*** Opening of RECORD EXCERPTS ***

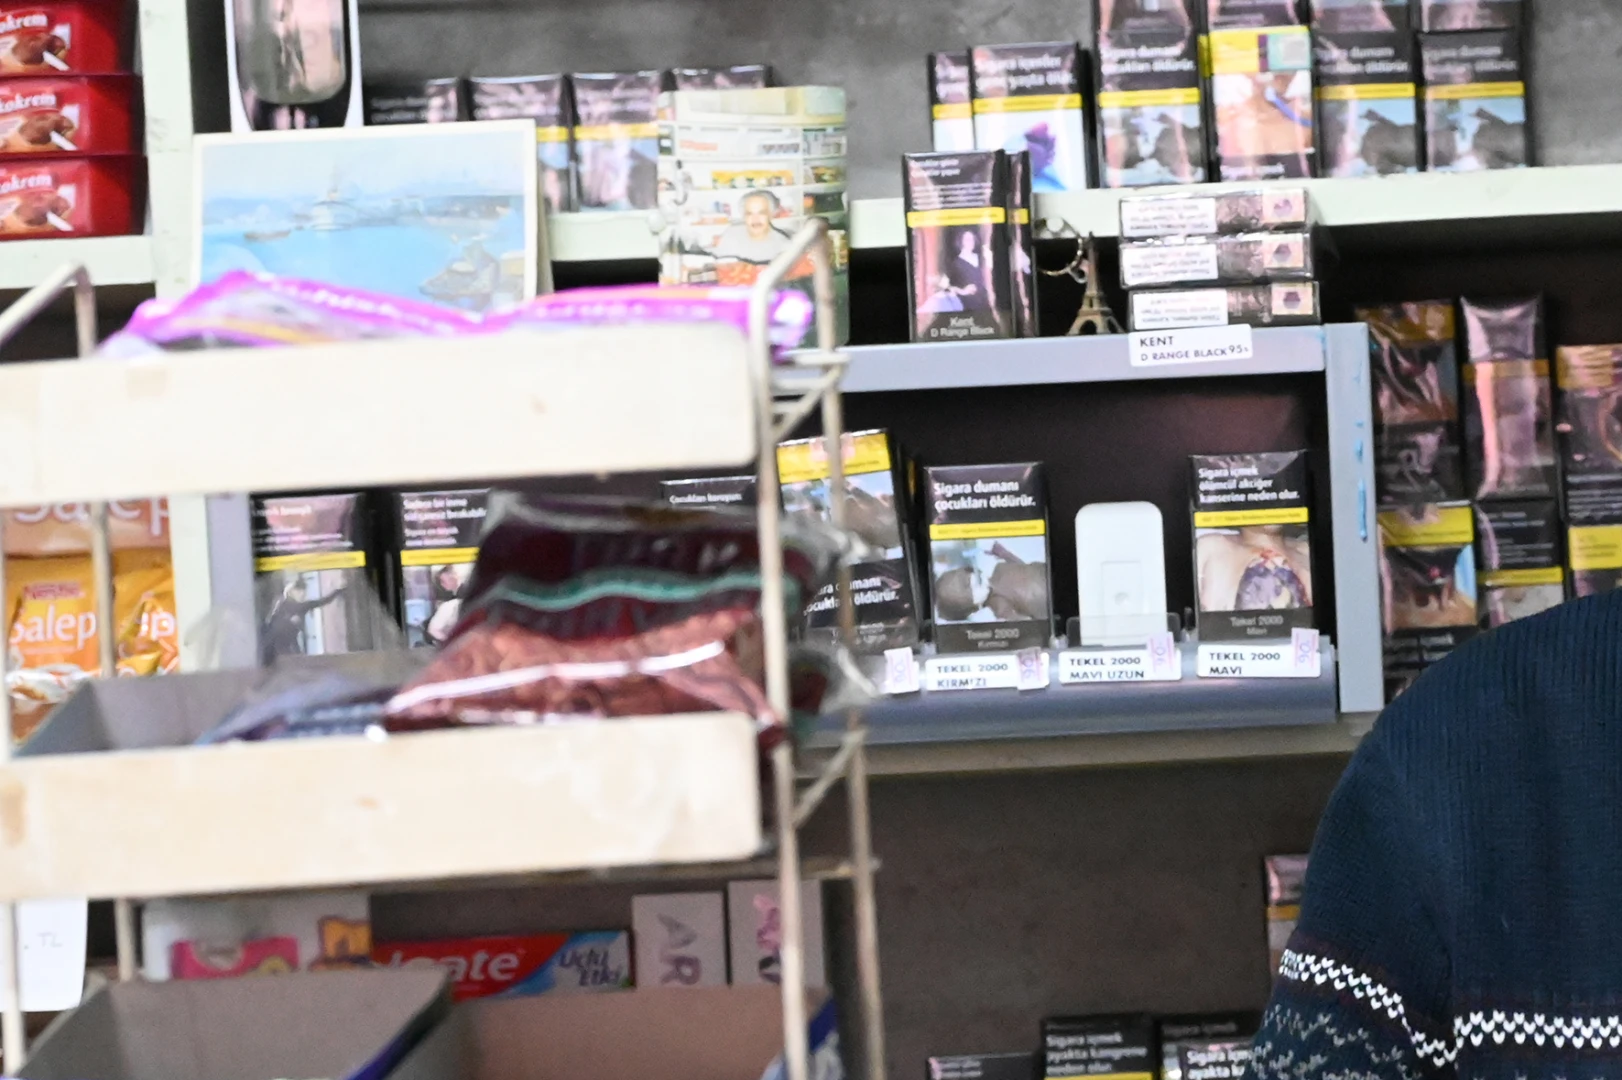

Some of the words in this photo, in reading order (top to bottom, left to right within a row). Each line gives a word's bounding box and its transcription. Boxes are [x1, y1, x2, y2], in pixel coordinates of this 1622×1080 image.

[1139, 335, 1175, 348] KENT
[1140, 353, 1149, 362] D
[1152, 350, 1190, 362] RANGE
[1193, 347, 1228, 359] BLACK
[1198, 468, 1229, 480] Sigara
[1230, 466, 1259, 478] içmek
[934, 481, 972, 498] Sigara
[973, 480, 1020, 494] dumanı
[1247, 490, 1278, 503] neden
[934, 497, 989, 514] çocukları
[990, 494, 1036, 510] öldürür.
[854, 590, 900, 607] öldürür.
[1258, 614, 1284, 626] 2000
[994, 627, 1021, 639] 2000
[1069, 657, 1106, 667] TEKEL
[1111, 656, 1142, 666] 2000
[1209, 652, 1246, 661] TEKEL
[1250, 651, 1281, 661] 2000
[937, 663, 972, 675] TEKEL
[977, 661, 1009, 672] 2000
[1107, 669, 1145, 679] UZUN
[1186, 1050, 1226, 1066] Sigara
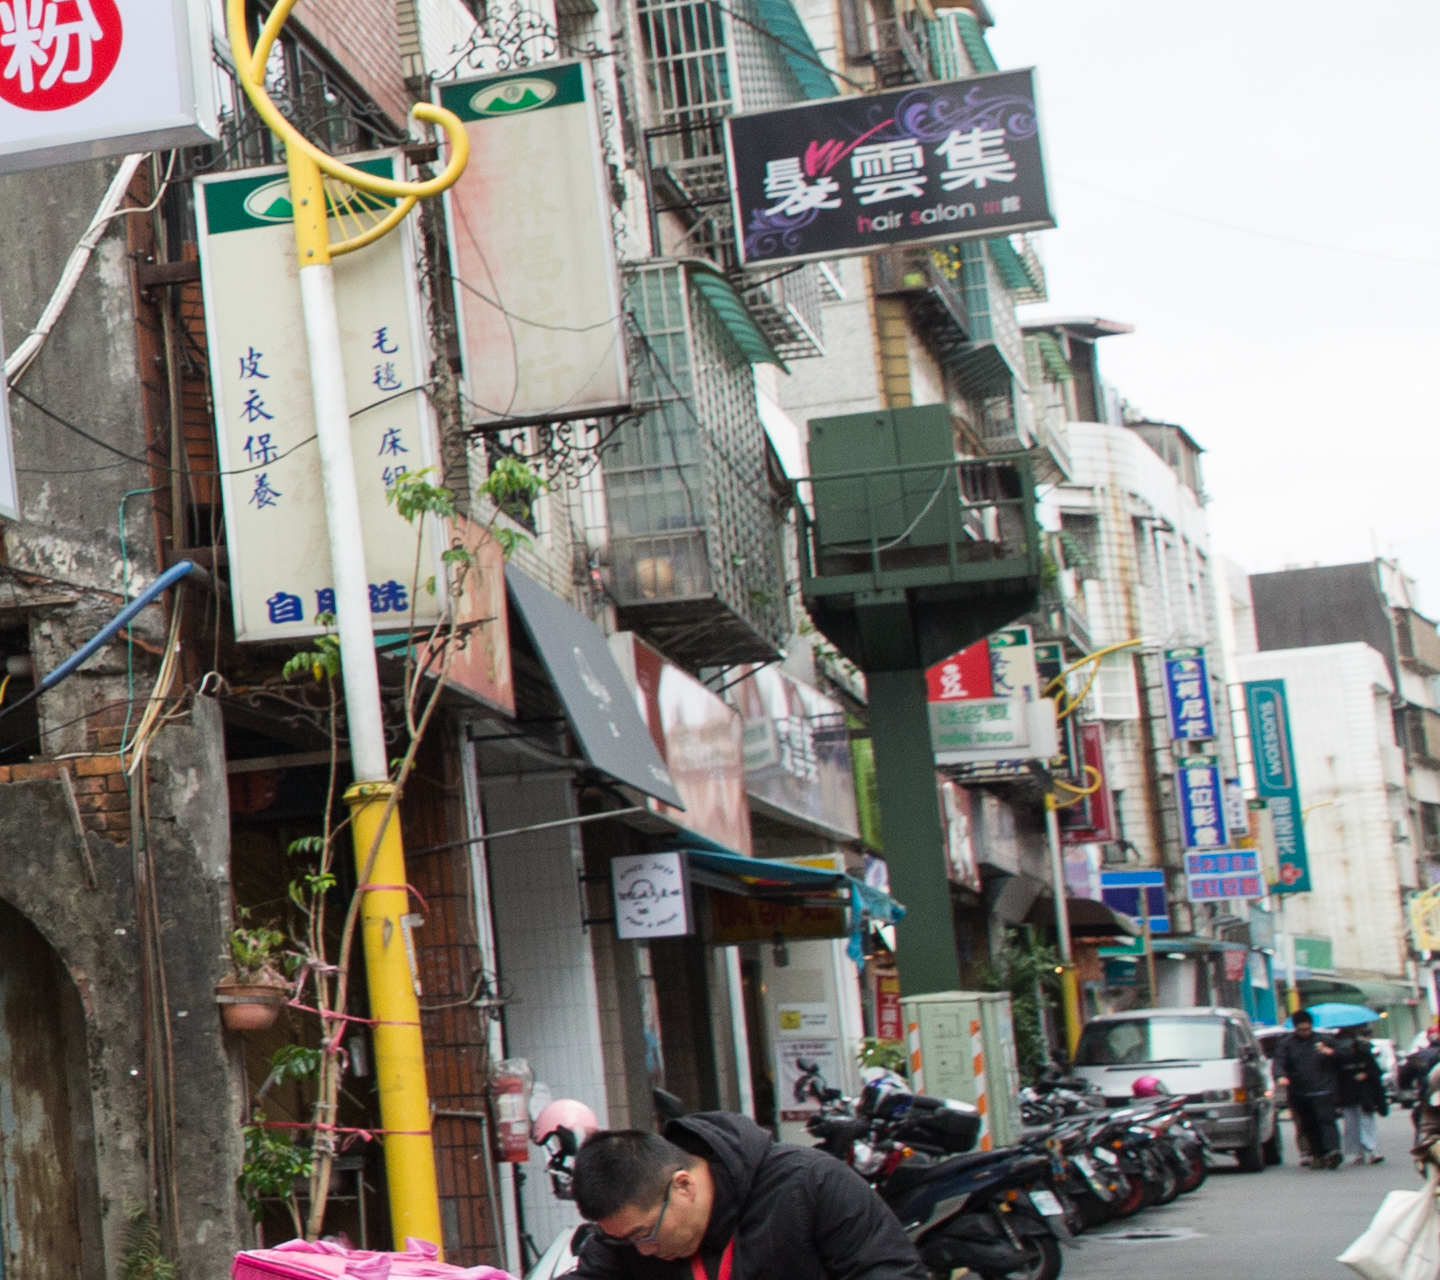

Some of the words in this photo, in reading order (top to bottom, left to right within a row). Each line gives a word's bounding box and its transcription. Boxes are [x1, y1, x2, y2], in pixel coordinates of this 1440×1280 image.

*** Close of RECORD EXCERPTS ***
*** Opening of RECORD EXCERPTS ***

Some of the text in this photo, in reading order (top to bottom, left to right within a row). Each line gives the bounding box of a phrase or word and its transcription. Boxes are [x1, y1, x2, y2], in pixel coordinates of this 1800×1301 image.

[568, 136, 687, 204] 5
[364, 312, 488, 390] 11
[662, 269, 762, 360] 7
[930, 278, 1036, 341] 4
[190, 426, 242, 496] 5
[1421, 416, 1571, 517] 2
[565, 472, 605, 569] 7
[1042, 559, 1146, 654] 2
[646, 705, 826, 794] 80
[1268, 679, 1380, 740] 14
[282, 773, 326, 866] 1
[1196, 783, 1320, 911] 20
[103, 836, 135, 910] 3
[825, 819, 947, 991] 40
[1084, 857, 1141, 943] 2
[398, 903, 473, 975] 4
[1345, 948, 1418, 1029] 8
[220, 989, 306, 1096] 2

*** Close of RECORD EXCERPTS ***

§ WHAT YOU WILL DO
What is needed is an exact copy of the lines above, from the one holding "this 1622×1080 image." down to the one holding "this 1440×1280 image.", with those two included and the pictures left out.

§ RESULT FOR THIS TASK
Some of the words in this photo, in reading order (top to bottom, left to right within a row). Each line gives a word's bounding box and its transcription. Boxes are [x1, y1, x2, y2], in pixel coordinates of this 1622×1080 image.

[1139, 335, 1175, 348] KENT
[1140, 353, 1149, 362] D
[1152, 350, 1190, 362] RANGE
[1193, 347, 1228, 359] BLACK
[1198, 468, 1229, 480] Sigara
[1230, 466, 1259, 478] içmek
[934, 481, 972, 498] Sigara
[973, 480, 1020, 494] dumanı
[1247, 490, 1278, 503] neden
[934, 497, 989, 514] çocukları
[990, 494, 1036, 510] öldürür.
[854, 590, 900, 607] öldürür.
[1258, 614, 1284, 626] 2000
[994, 627, 1021, 639] 2000
[1069, 657, 1106, 667] TEKEL
[1111, 656, 1142, 666] 2000
[1209, 652, 1246, 661] TEKEL
[1250, 651, 1281, 661] 2000
[937, 663, 972, 675] TEKEL
[977, 661, 1009, 672] 2000
[1107, 669, 1145, 679] UZUN
[1186, 1050, 1226, 1066] Sigara

Some of the words in this photo, in reading order (top to bottom, left to right within a row). Each line gives a word's bounding box and its transcription. Boxes are [x1, y1, x2, y2], in pixel coordinates of this 1440×1280 image.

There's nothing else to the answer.